╭──

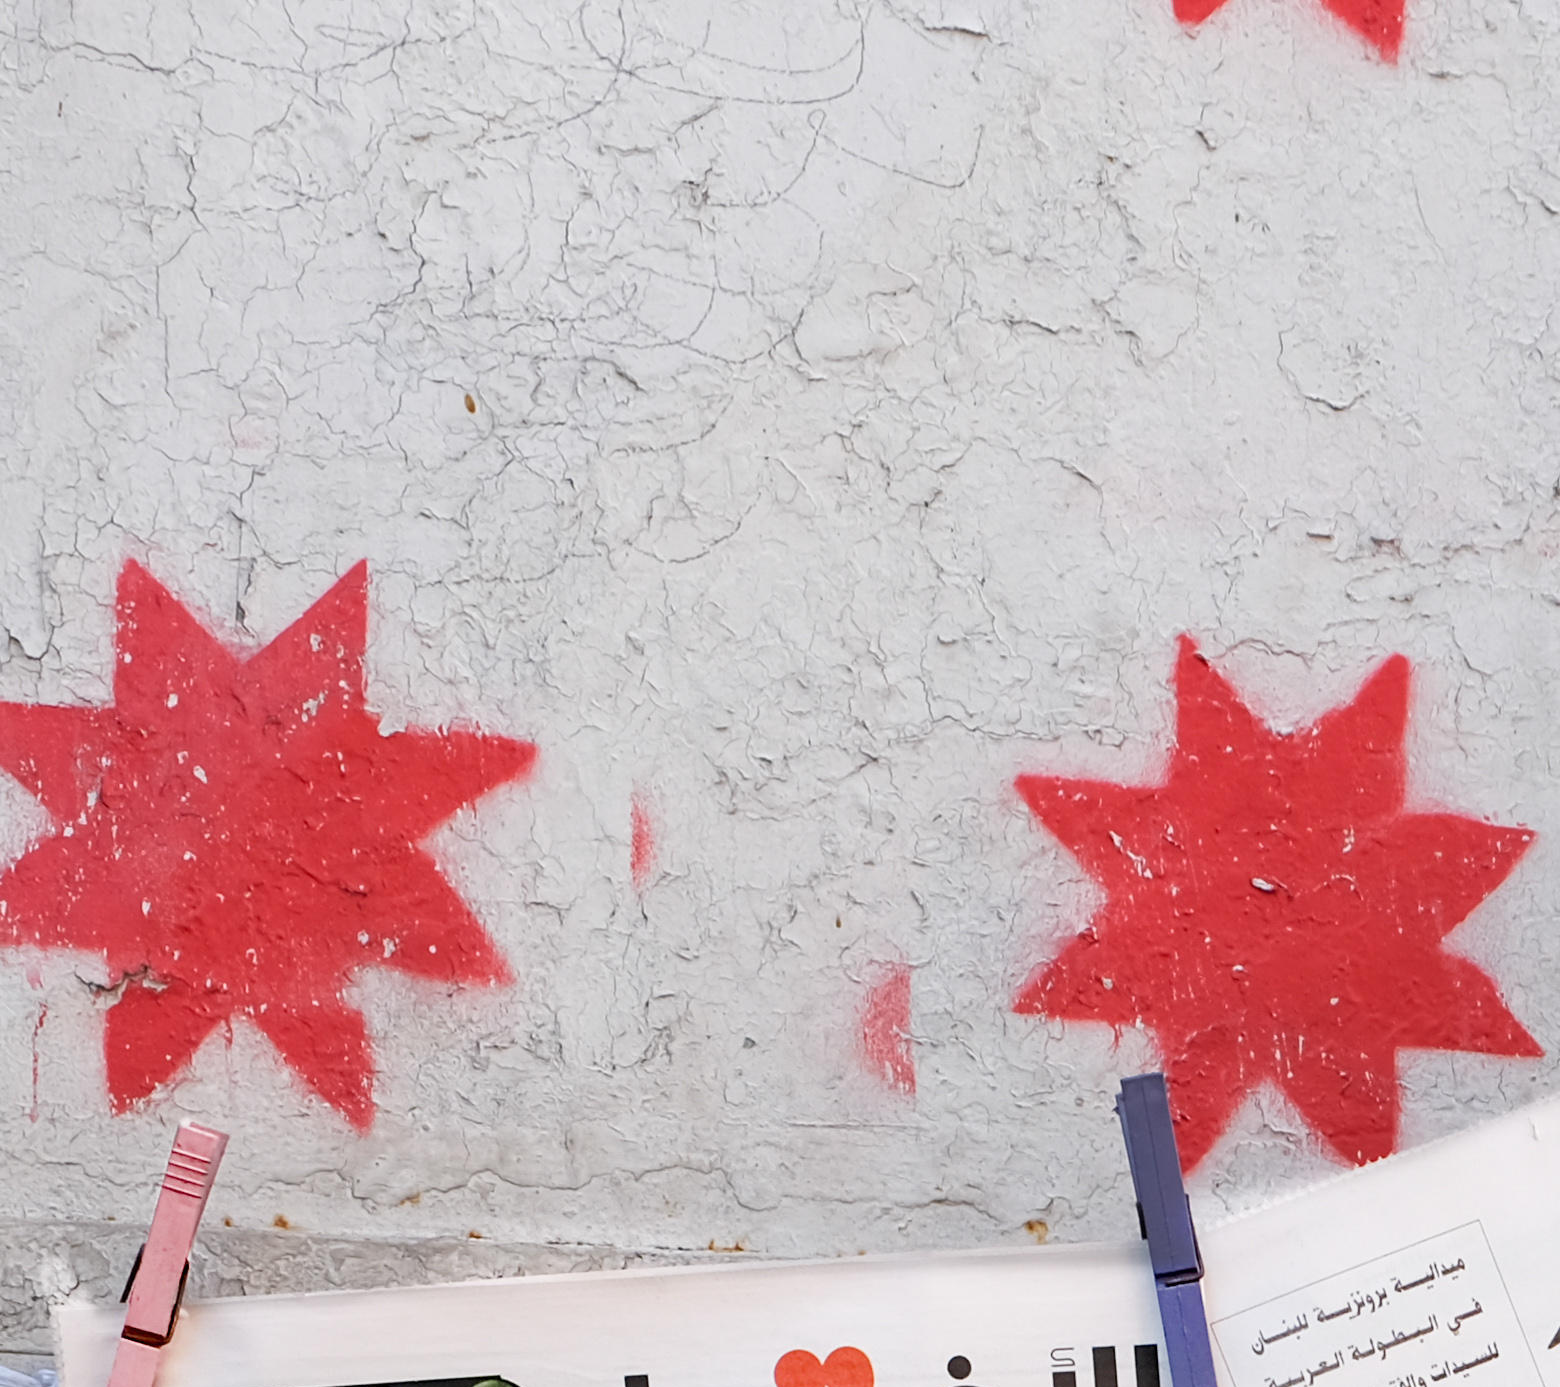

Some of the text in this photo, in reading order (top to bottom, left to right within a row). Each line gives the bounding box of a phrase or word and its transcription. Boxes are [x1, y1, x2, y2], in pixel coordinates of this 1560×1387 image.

[1347, 1313, 1439, 1361] البطولة
[1446, 1297, 1484, 1336] في
[1430, 1341, 1500, 1382] للسيدات
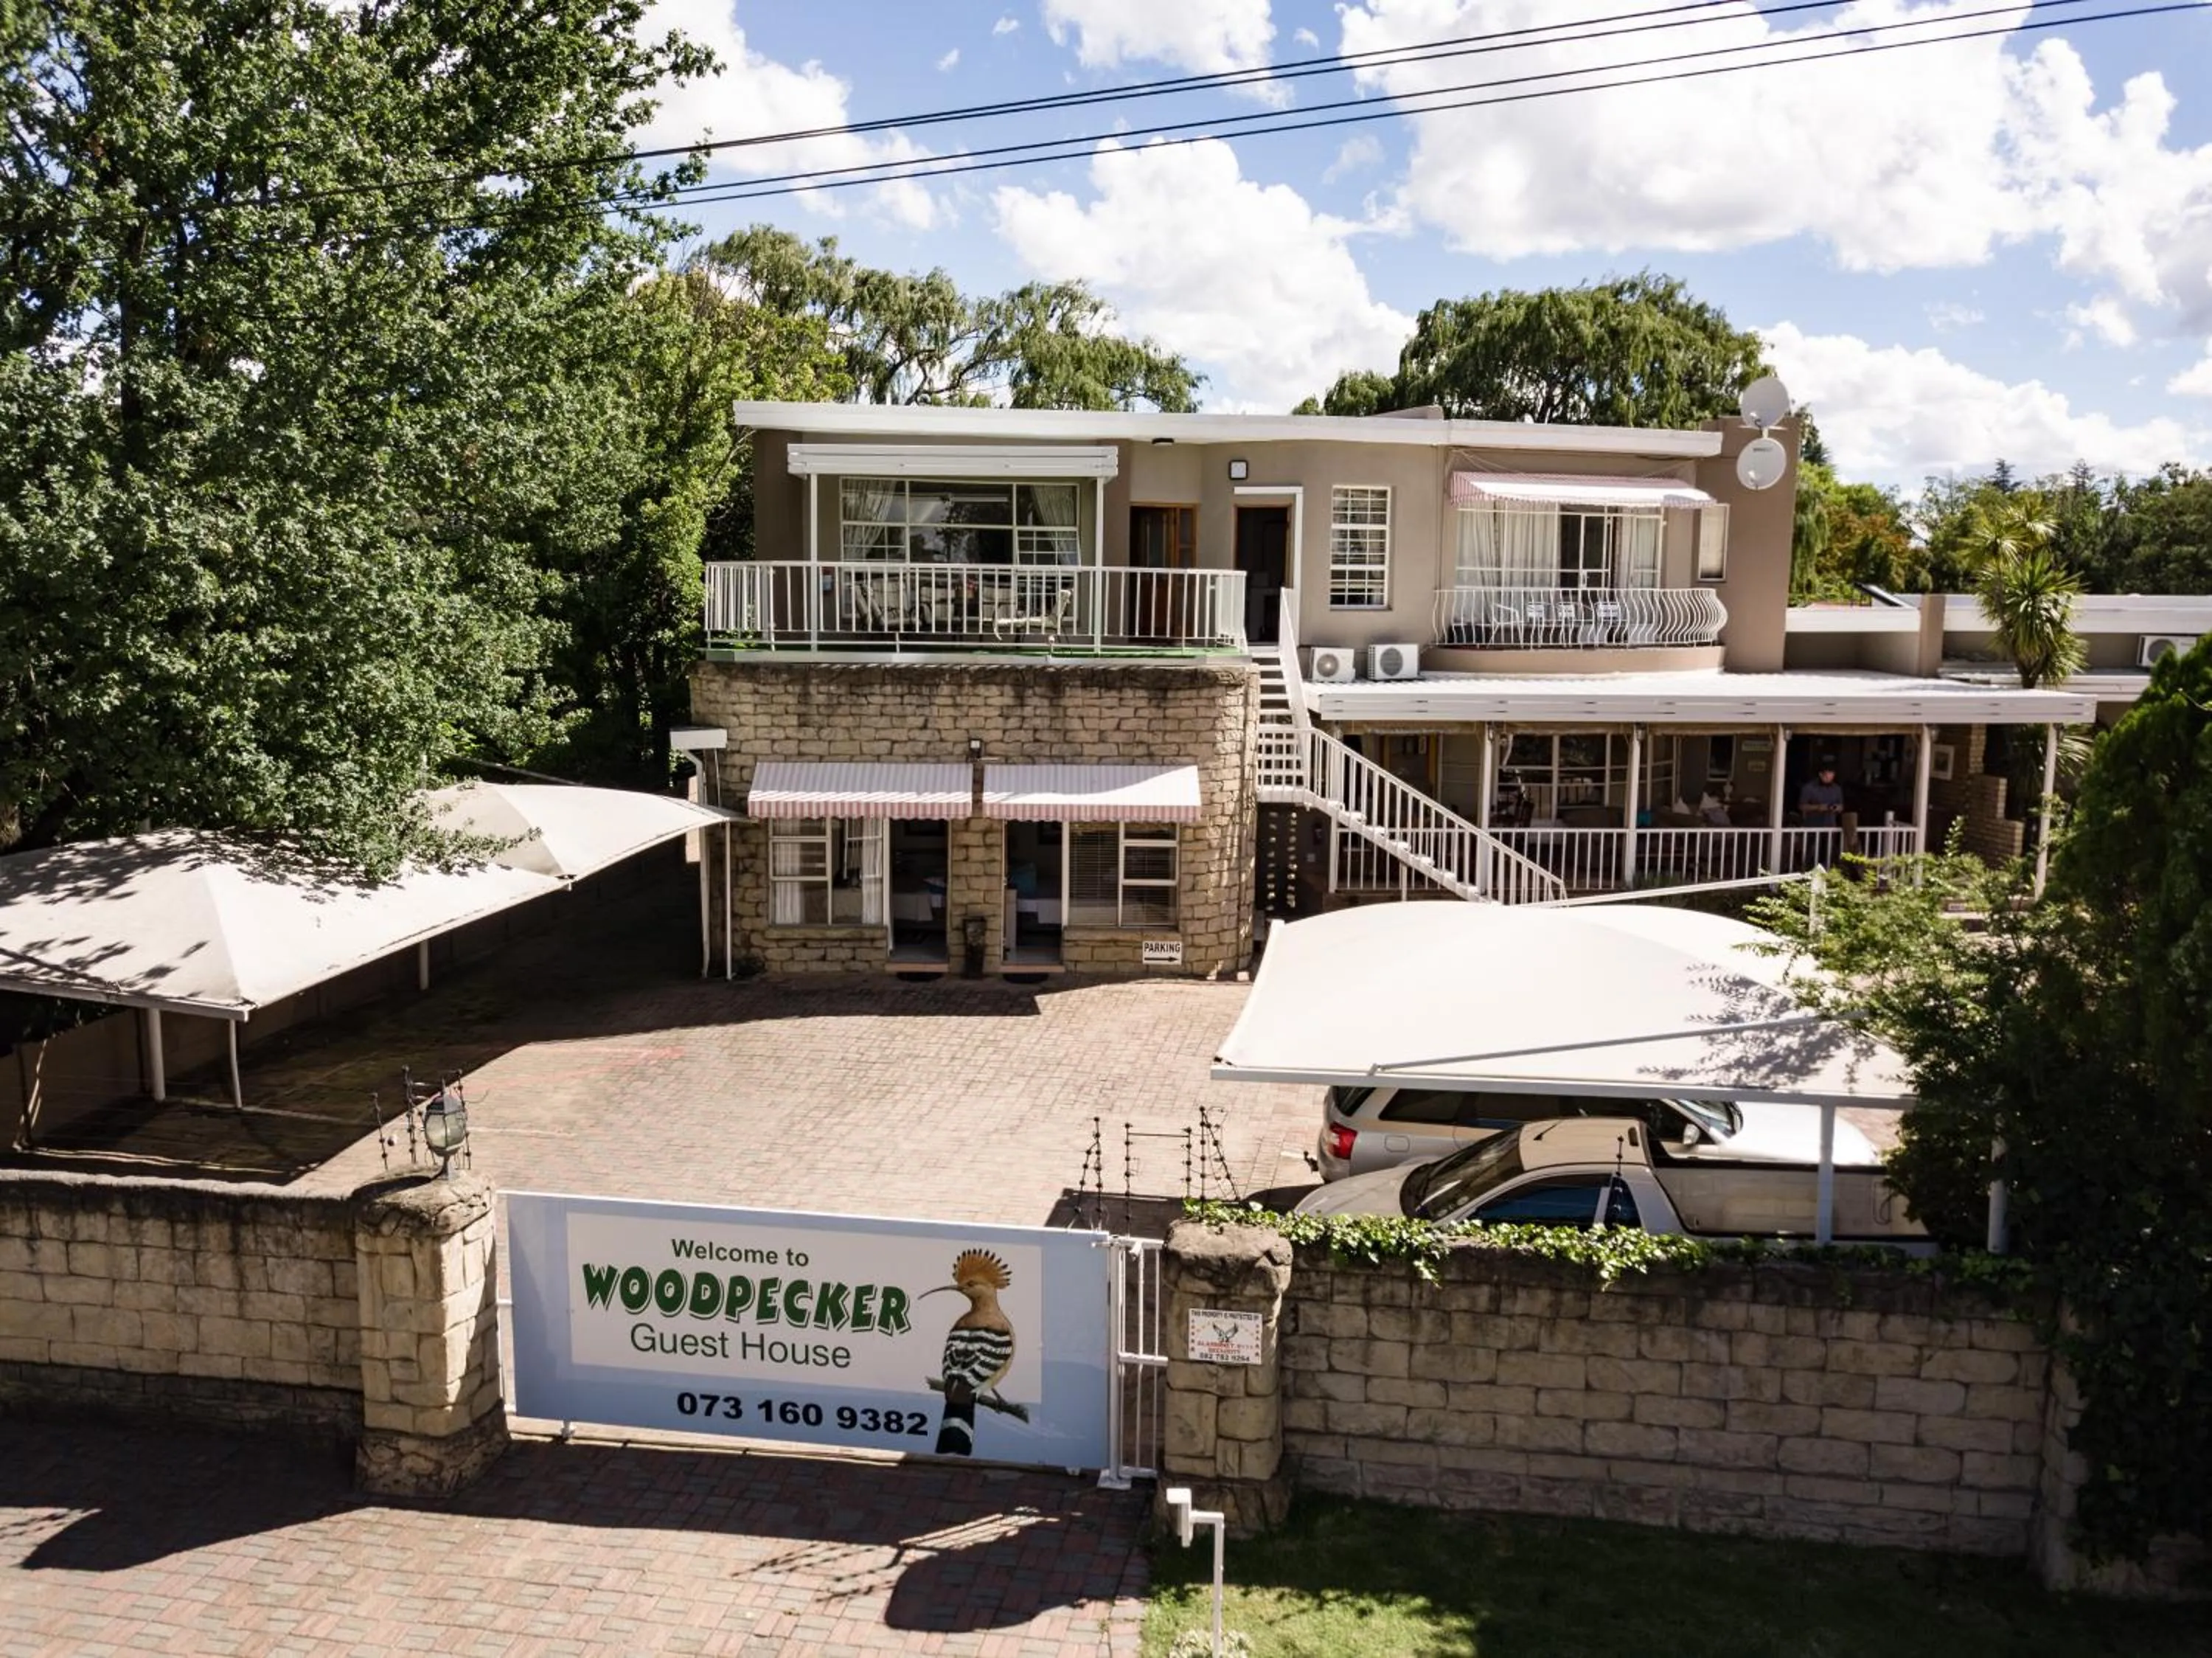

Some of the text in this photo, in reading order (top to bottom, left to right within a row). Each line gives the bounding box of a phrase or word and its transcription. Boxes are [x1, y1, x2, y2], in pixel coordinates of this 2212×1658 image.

[1144, 943, 1180, 953] PARKING
[671, 1238, 809, 1266] Welcome to
[582, 1263, 912, 1336] WOODPECKER
[630, 1322, 852, 1368] Guest House
[677, 1392, 929, 1437] 073 160 9382
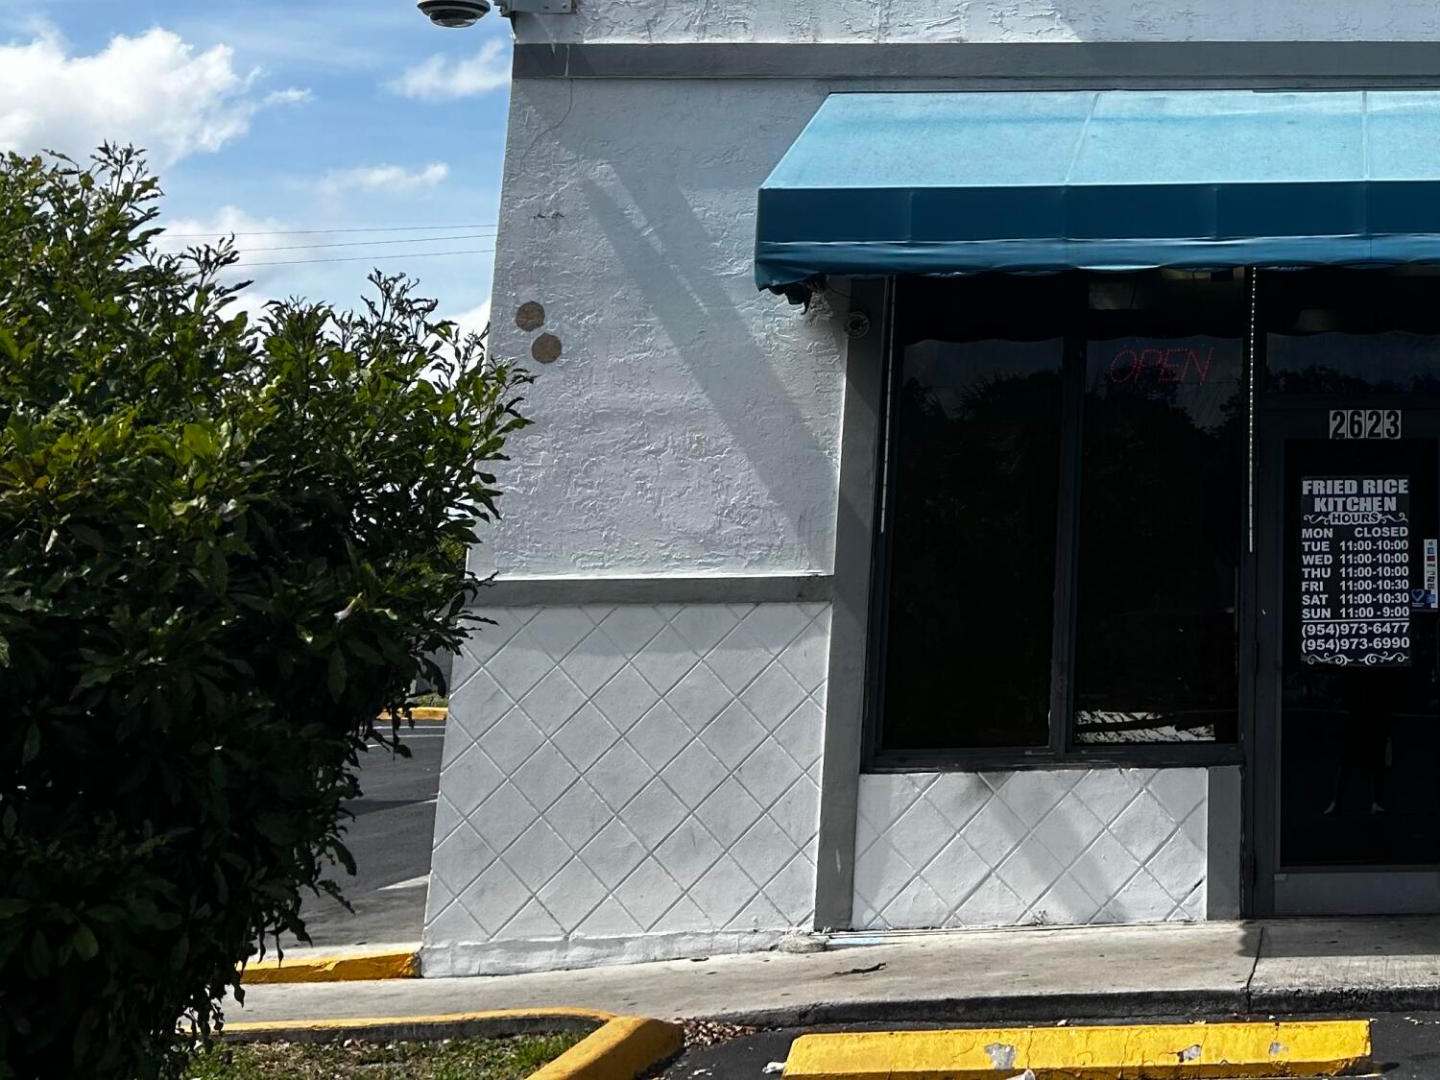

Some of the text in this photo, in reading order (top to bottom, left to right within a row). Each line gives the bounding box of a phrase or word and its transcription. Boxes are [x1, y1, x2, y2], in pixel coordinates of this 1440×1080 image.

[1110, 347, 1214, 384] OPEN
[1331, 411, 1400, 439] 2623
[1302, 479, 1409, 495] FRIED RICE
[1314, 497, 1397, 512] KITCHEN
[1331, 512, 1380, 524] HOURS
[1302, 527, 1408, 539] MON CLOSED
[1302, 540, 1408, 552] TUE 11:00-10:00
[1302, 553, 1409, 565] WED 11:00-10:00
[1302, 567, 1409, 579] THU 11:00-10:00
[1302, 580, 1409, 592] FRI 11:00-10:30
[1302, 593, 1409, 605] SAT 11:00-10:30
[1302, 608, 1331, 619] SUN
[1301, 623, 1409, 638] (954)973-6477
[1301, 637, 1410, 653] (954)973-6990

╰──

WHAT THE EXERCISE ASKS> Transcribe exactly the span of lines that opens with the line holding "this 2212×1658 image." and closes with the last line of the entries above. Omit pictures.

EXERCISE RESULT>
Some of the text in this photo, in reading order (top to bottom, left to right within a row). Each line gives the bounding box of a phrase or word and its transcription. Boxes are [x1, y1, x2, y2], in pixel coordinates of this 2212×1658 image.

[1144, 943, 1180, 953] PARKING
[671, 1238, 809, 1266] Welcome to
[582, 1263, 912, 1336] WOODPECKER
[630, 1322, 852, 1368] Guest House
[677, 1392, 929, 1437] 073 160 9382

Some of the text in this photo, in reading order (top to bottom, left to right within a row). Each line gives the bounding box of a phrase or word and its transcription. Boxes are [x1, y1, x2, y2], in pixel coordinates of this 1440×1080 image.

[1110, 347, 1214, 384] OPEN
[1331, 411, 1400, 439] 2623
[1302, 479, 1409, 495] FRIED RICE
[1314, 497, 1397, 512] KITCHEN
[1331, 512, 1380, 524] HOURS
[1302, 527, 1408, 539] MON CLOSED
[1302, 540, 1408, 552] TUE 11:00-10:00
[1302, 553, 1409, 565] WED 11:00-10:00
[1302, 567, 1409, 579] THU 11:00-10:00
[1302, 580, 1409, 592] FRI 11:00-10:30
[1302, 593, 1409, 605] SAT 11:00-10:30
[1302, 608, 1331, 619] SUN
[1301, 623, 1409, 638] (954)973-6477
[1301, 637, 1410, 653] (954)973-6990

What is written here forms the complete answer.